Among bats, a mutation causing loss of functional short-wave light sensitivity is found in nocturnal species that commonly roost in caves and echo-locate, using sonar to navigate and capture prey. Researchers suggest that perhaps using sonar pre-empts brain space otherwise used for UV perception. However, the correlation is not so clear, because the loss also occurs in fruit bats, which roost in trees and do not echolocate.

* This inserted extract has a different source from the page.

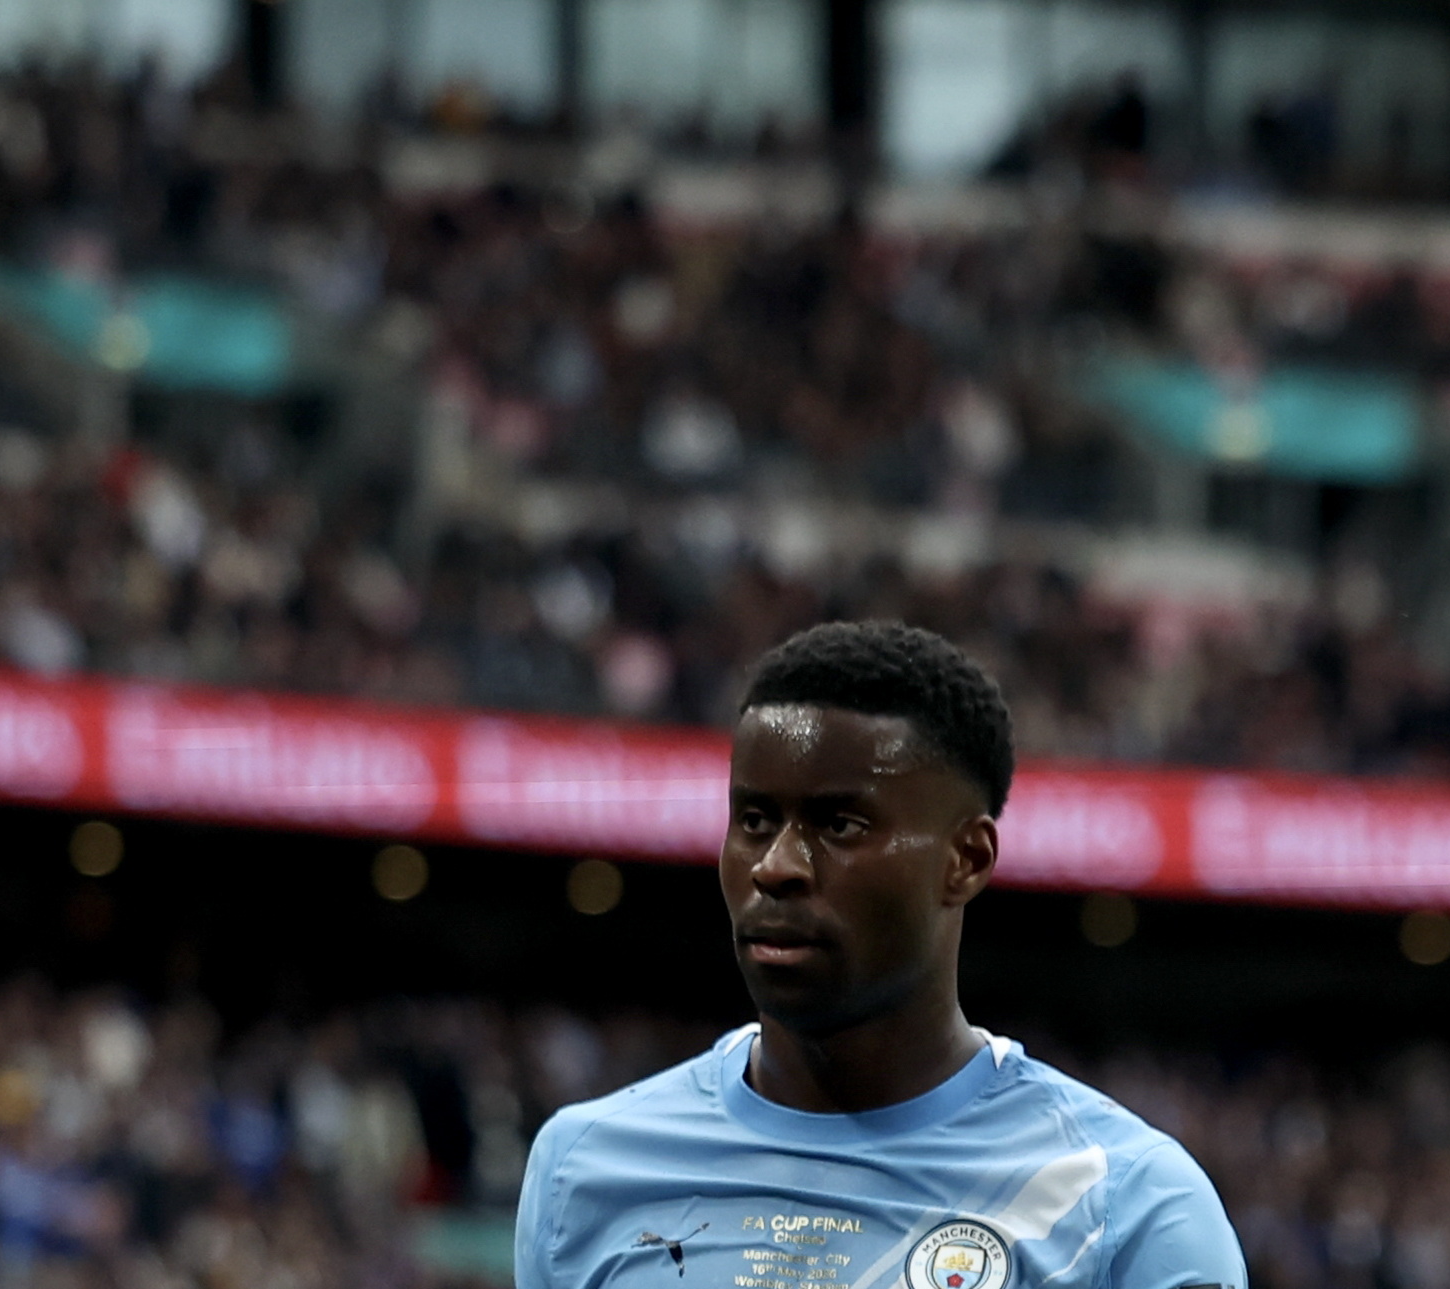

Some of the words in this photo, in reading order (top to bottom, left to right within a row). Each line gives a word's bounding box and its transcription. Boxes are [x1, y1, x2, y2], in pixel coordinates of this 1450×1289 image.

Decent data are more available for the use of UV reflectance and sensitivity in social situations in birds, fish and reptiles with good color vision. For example, male mountain bluebirds have more UV-reflective plumage than females, and males that reflect more UV are more successful in mating and siring offspring. Similarly, female sticklebacks and guppies perceive UV and prefer to associate with males that have good UV reflectance. Another study showed that lizards living in light, UV-rich habitats have social displays that convey signals in the UV range, while those in dark habitats do not.
I’ve left mention of amphibians to the end, because that story gets more complicated. It seems that many amphibians can see color in the dark. They have two kinds of rods that are sensitive at low-light levels in addition to cones; some of those rods are UV sensitive. Could that be true of some other vertebrates too?
This leaves UV vision in insects and spiders and other invertebrates for another story (maybe).